Terikat Perjanjian Dagang dengan Negara Zalim, Haram!




Oleh Ummu Atika 

Aktivis Muslimah


Berita mengejutkan, pemerintah Indonesia menyetujui impor 1000 ton beras khusus dari Amerika Serikat (AS) sebagai konsekuensi perjanjian dagang timbal balik AS-Indonesia (ART, Agreement on Reciprocal Trade). Juru bicara Kementerian Koordinator Bidang Perekonomian, Haryo Limanesto menyatakan bahwa keran impor beras khusus ini dibuka untuk menyesuaikan permintaan dalam negeri atas beras premium. Haryo mengatakan bahwa komitmen impor beras dari AS itu jumlahnya relatif kecil jika dibandingkan dengan produksi beras dalam negeri. Seribu ton beras impor itu hanya sekitar 0,00003% dari total produksi beras nasional yang pada tahun 2025 mencapai 34,69 juta ton (Kompas.com, 22/2/2026).

Pemerintah menyampaikan bahwa Indonesia telah berhasil menjaga ketahanan pangan nasional dan sudah berhasil mencapai swasembada beras. Karena produktivitas hasil pertanian meningkat, stok beras untuk masyarakat aman. Namun, tiba-tiba diumumkan Indonesia akan mengimpor dari AS beras dan komoditas lainnya seperti kedelai, gandum, jagung, kapas dan komoditas lain untuk bahan baku industri dalam negeri. Tentu kebijakan pemerintah ini sangat kontradiktif, sehingga menimbulkan pertanyaan besar di berbagai kalangan. Jika klaim swasembada ini benar telah tercapai, mengapa pemerintah mengambil kebijakan impor beras dan bahan pangan lainnya?

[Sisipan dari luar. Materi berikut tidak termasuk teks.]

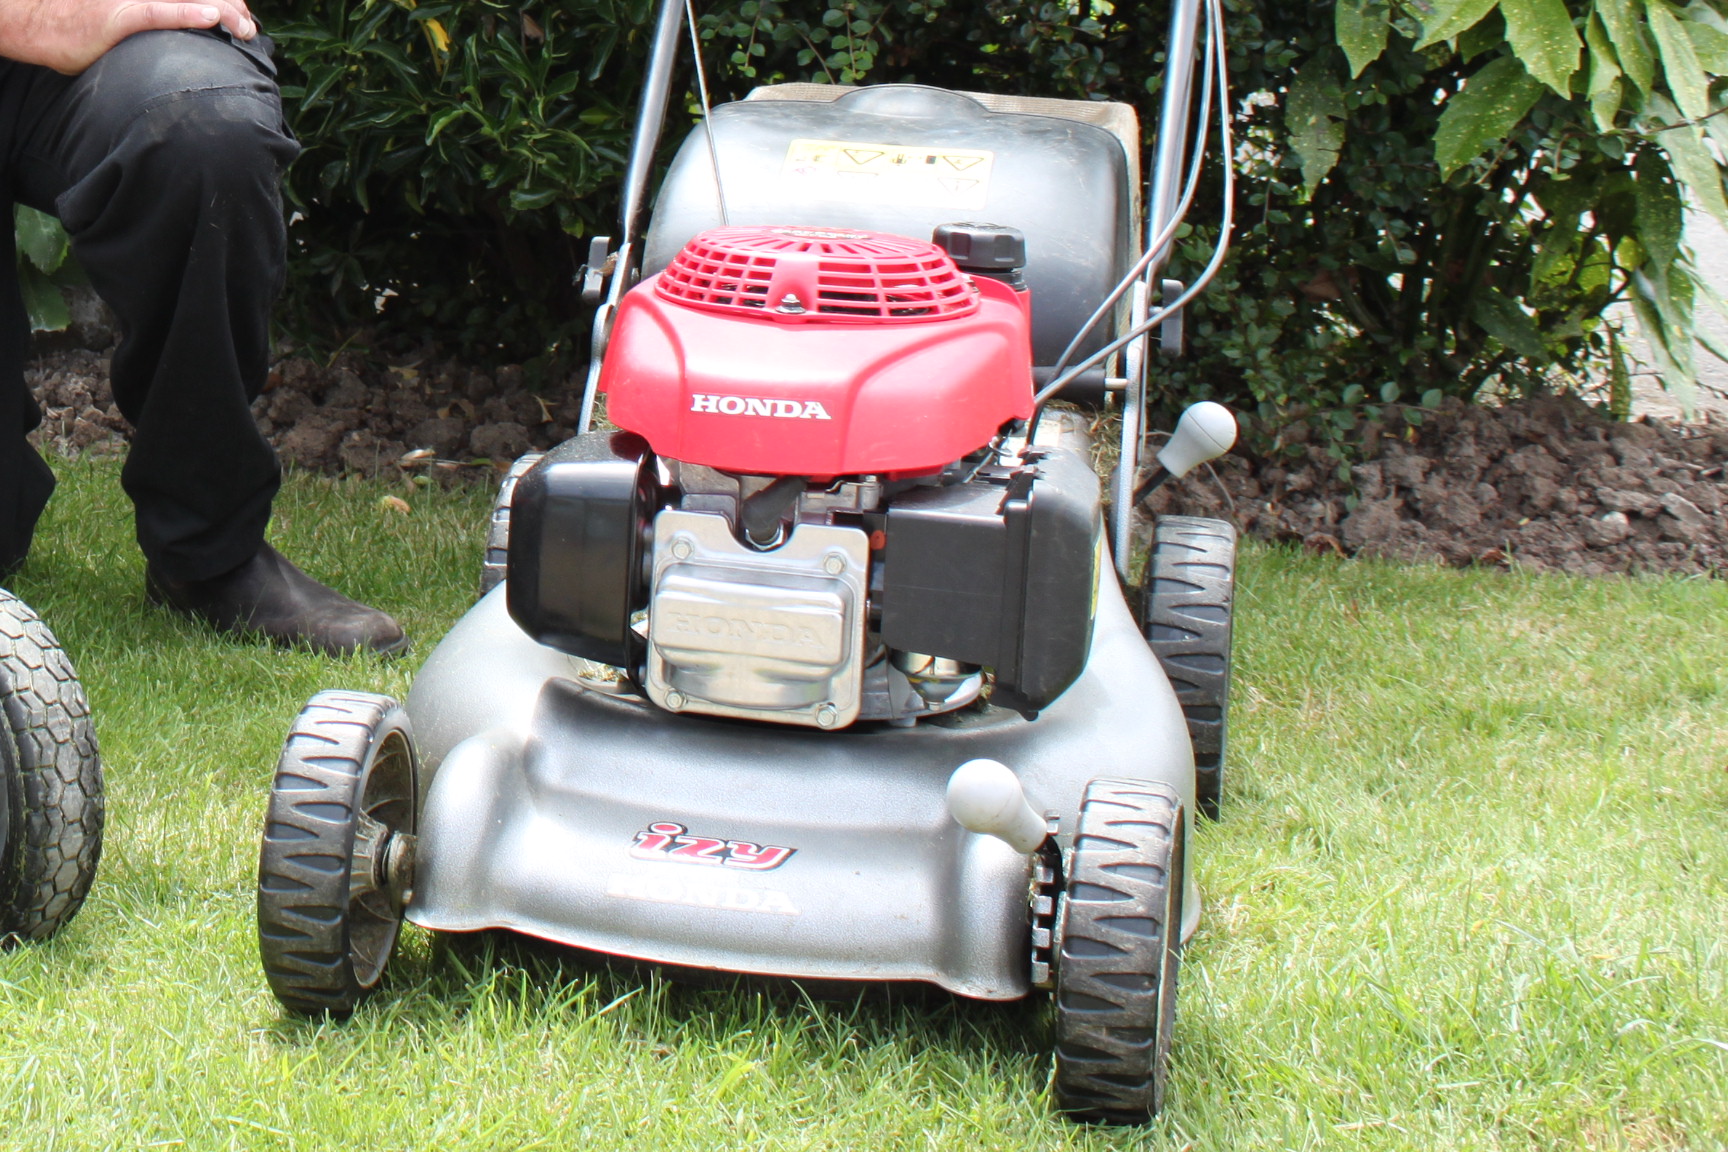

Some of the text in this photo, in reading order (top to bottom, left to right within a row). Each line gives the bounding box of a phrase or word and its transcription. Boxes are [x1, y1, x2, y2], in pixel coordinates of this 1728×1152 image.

[690, 393, 832, 421] HONDA
[668, 612, 827, 649] HONDA
[630, 821, 798, 871] izy

Direktur Eksekutif Center of Economic and Law Studies (CELIOS) Bhima Yudhistira kurang setuju dengan adanya perjanjian ART tersebut. Menurutnya, rencana impor 1.000 ton beras khusus dari AS dapat mengganggu program swasembada beras yang  selama ini digaungkan oleh pemerintah. Impor beras ini dikhawatirkan dapat mengganggu harga gabah petani dan terjadi kebocoran impor beras dengan label khusus (detik.com, 25/2/2026).  

Kebijakan impor beberapa produk pertanian sebagai bagian dari perjanjian dagang timbal balik dengan AS adalah bukti bahwa kedaulatan pangan Indonesia masih lemah, sebab beras dan bahan pangan adalah komoditas politik yang berpengaruh terhadap posisi politik suatu negara.

Perjanjian dagang timbal balik dengan AS berpijak pada sistem ekonomi kapitalis, siapa yang punya modal besar dia yang berkuasa. Secara politik perjanjian timbal balik harusnya seimbang antara kedua belah pihak. Namun, dalam ART terlihat jelas perjanjian berat sebelah. Indonesia menanggung ratusan kewajiban seperti mengubah regulasi, menyesuaikan standar, membuka pasar impor berbagai produk AS dengan tarif 0% dan membatasi  sejumlah instrumen negara. Sementara kewajiban AS relatif sedikit dan produk Indonesia yang masuk ke AS selain terbatas jenisnya, tetap dikenai tarif 19%. Hal ini menjelaskan bahwa ada tekanan kebijakan politik ekonomi dari AS (negara Adidaya) terhadap Indonesia (negara kecil). Dengan kata lain, perjanjian dagang ART bisa digunakan sebagai alat penjajahan ekonomi terhadap negara ini. 

Demikianlah sifat negara kapitalis sekuler, bila tidak bisa menjadi negara kuat, maka menjadi negara pengekor, ikut pada arahan negara yang lebih kuat. Kedaulatan negara telah tergadaikan oleh perjanjian dagang yang menguntungkan sepihak. Negara sekuler hanya mempertimbangkan keuntungan sesaat dari materi, tidak memperhatikan pengaruh jangka panjang dari perjanjian ART ini terhadap rakyat dan kedaulatan negara.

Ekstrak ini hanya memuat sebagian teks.